(Task goal)
The records below are to be set down word for word, with every picture left out.

━━━━━━

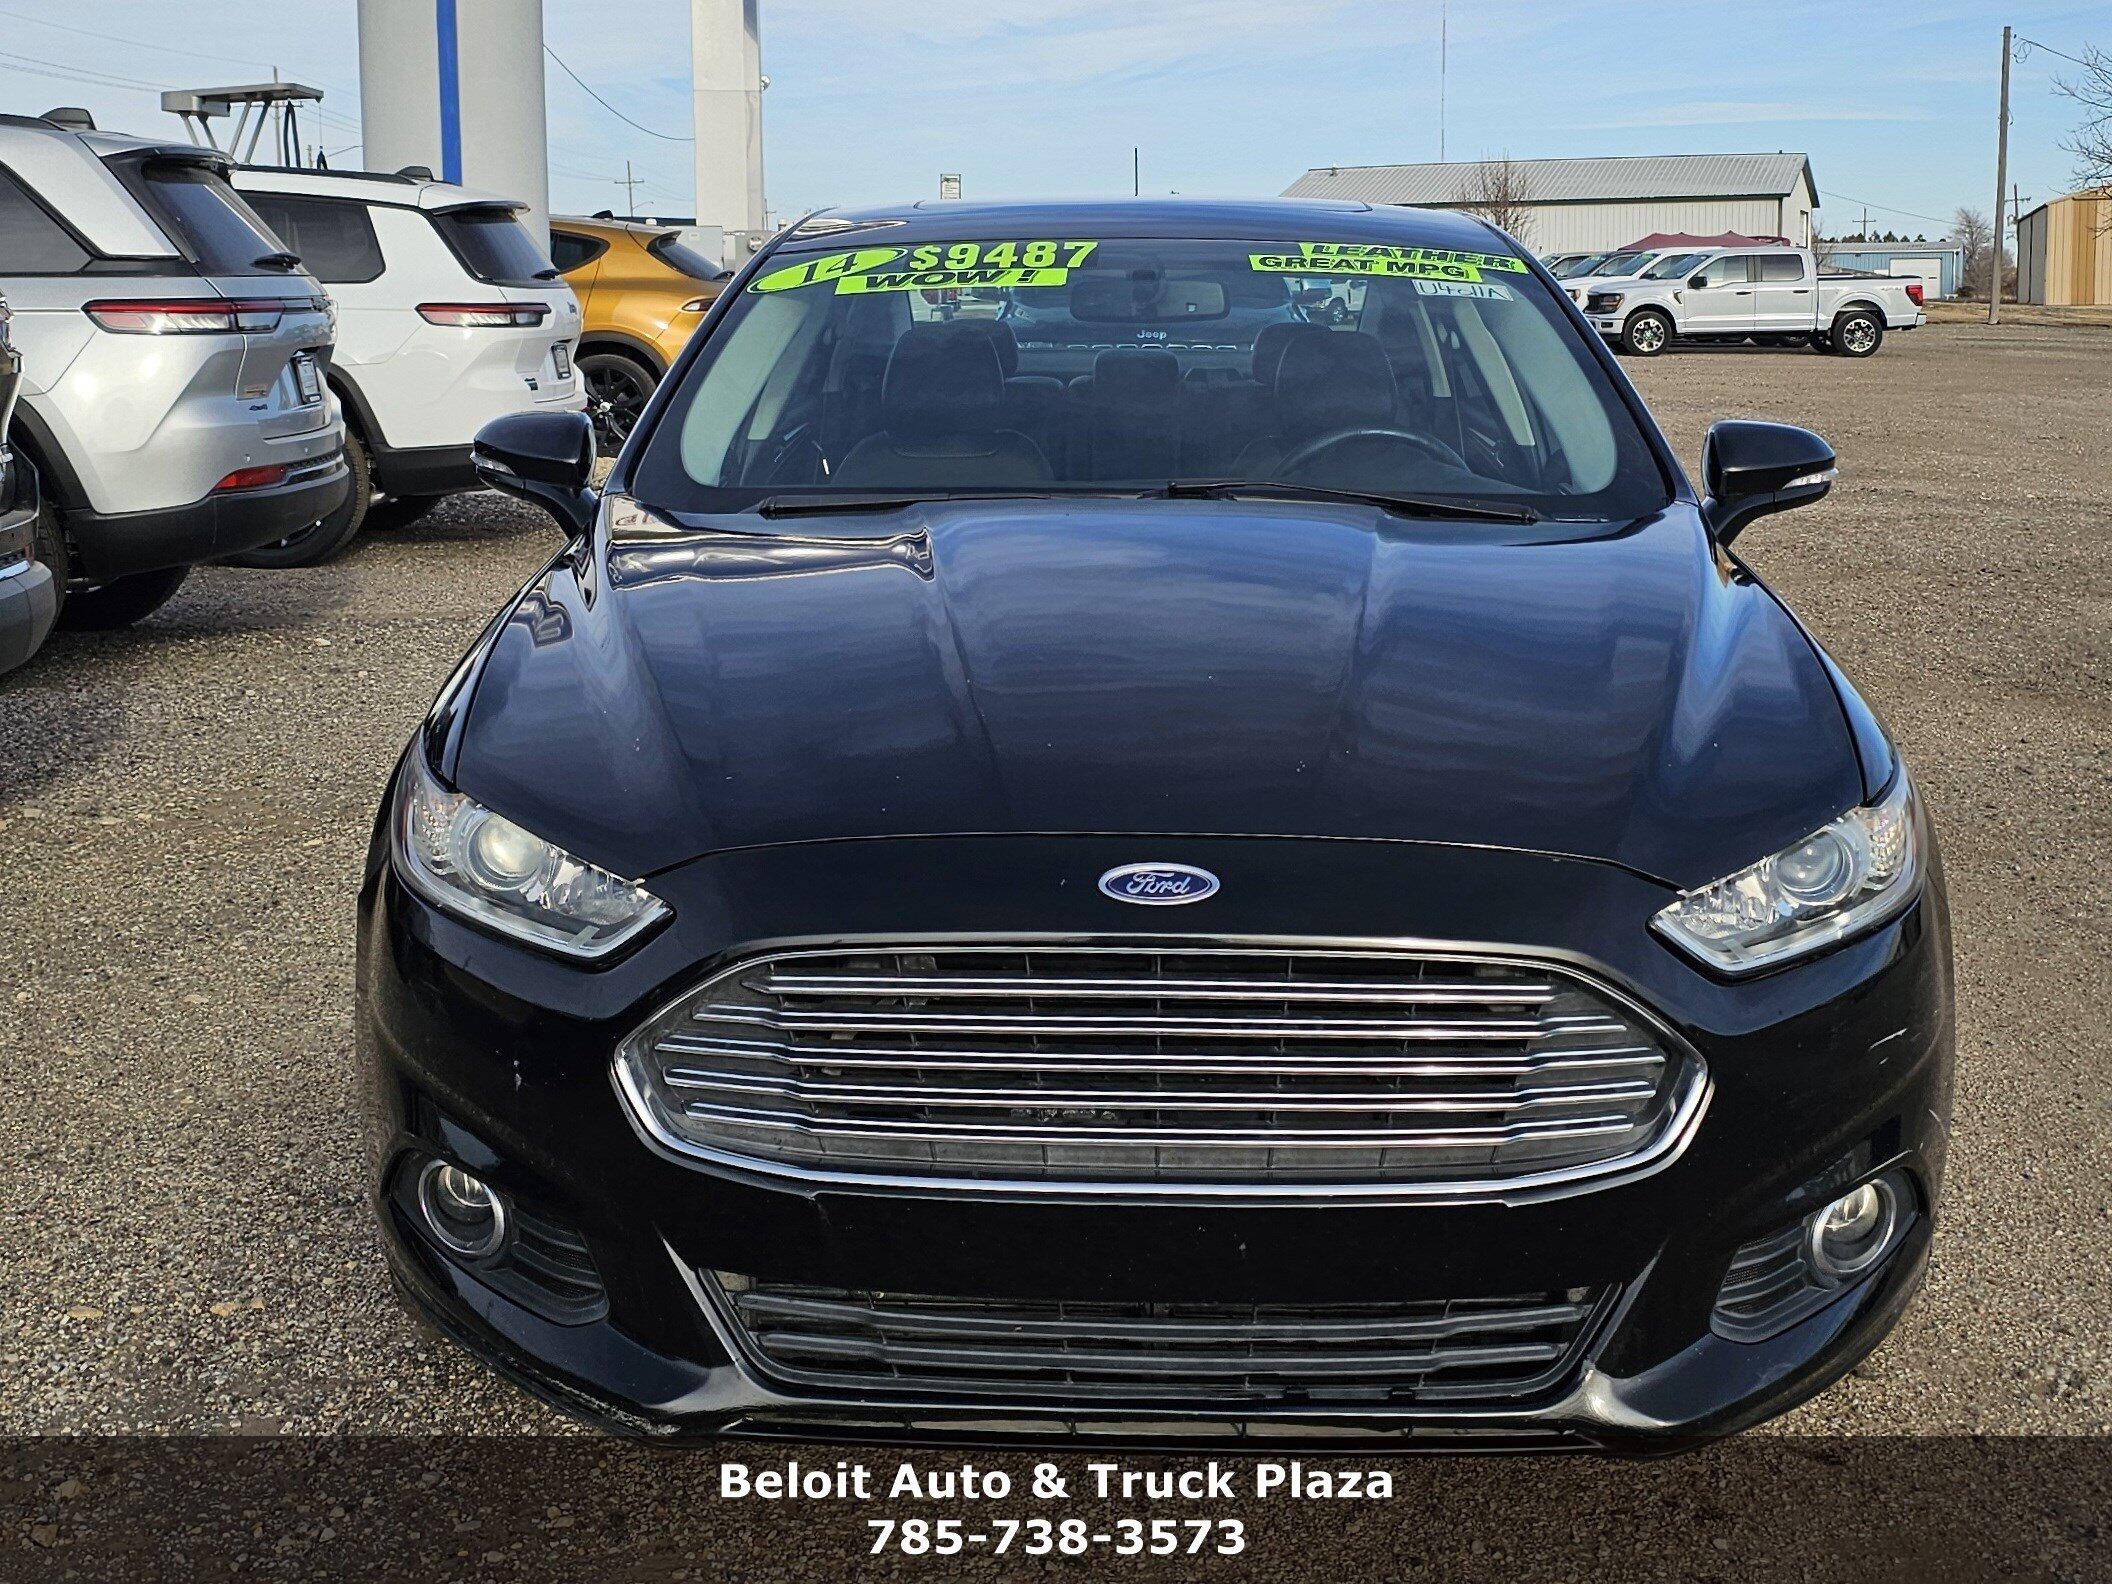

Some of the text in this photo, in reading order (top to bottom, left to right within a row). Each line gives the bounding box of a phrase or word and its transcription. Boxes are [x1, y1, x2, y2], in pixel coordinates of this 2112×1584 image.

[797, 241, 1099, 285] 14 $9487
[1258, 256, 1468, 278] GREAT MPG
[1310, 244, 1516, 270] LEATHER
[1136, 329, 1167, 340] Jeep
[1126, 871, 1191, 894] Ford
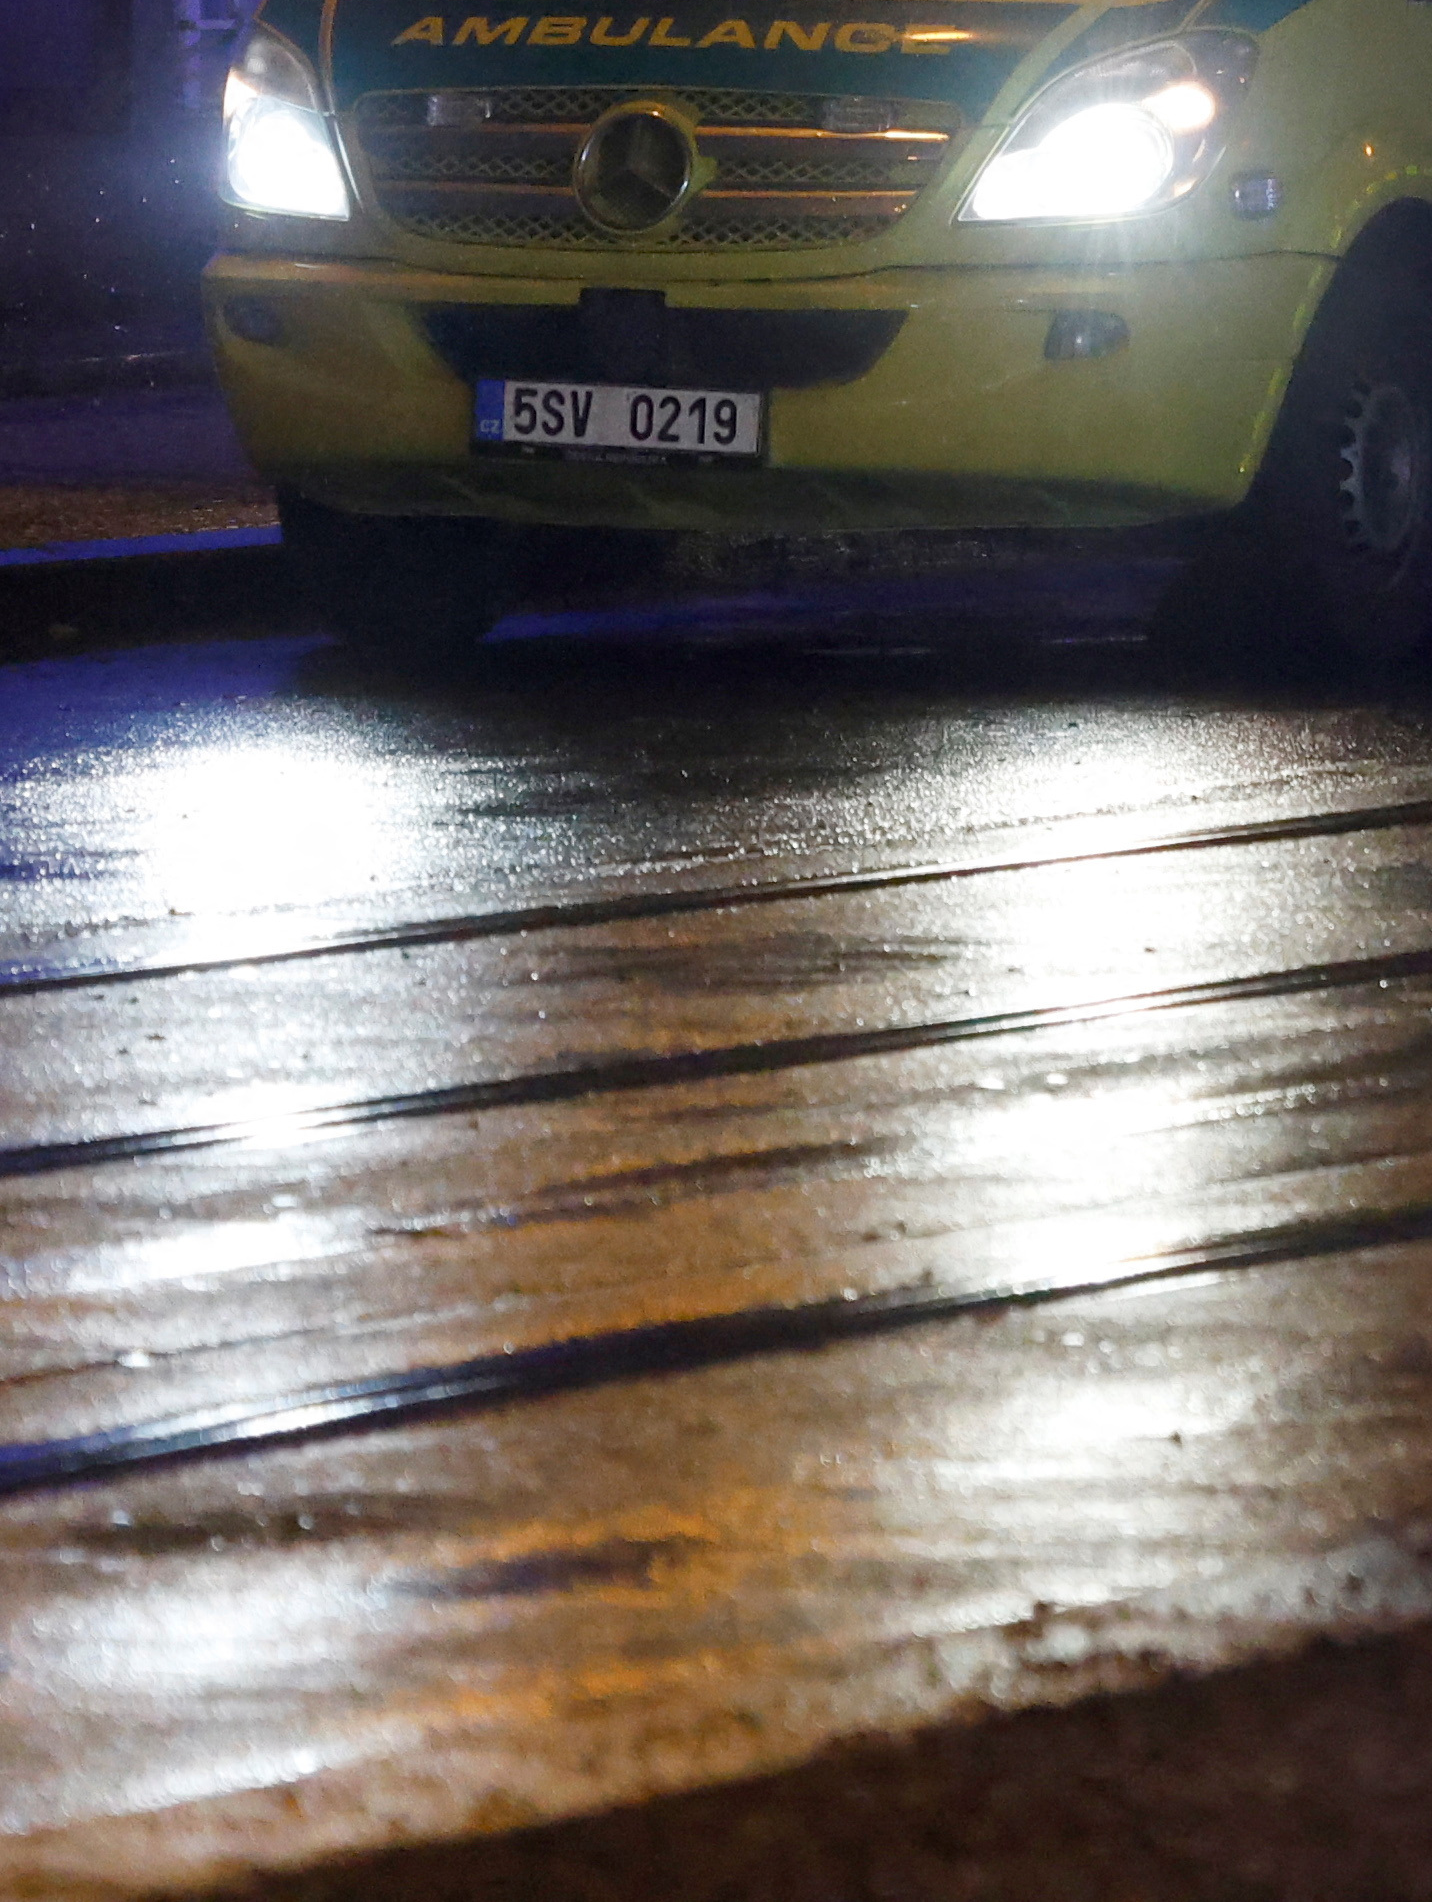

━━━━━━

(Response below)
Some of the text in this photo, in reading order (top to bottom, left to right within a row). Each line gives the bounding box of a phrase or word and its transcription. Boxes are [x1, y1, x2, y2], in pixel coordinates of this 2112×1584 image.

[797, 241, 1099, 285] 14 $9487
[1258, 256, 1468, 278] GREAT MPG
[1310, 244, 1516, 270] LEATHER
[1136, 329, 1167, 340] Jeep
[1126, 871, 1191, 894] Ford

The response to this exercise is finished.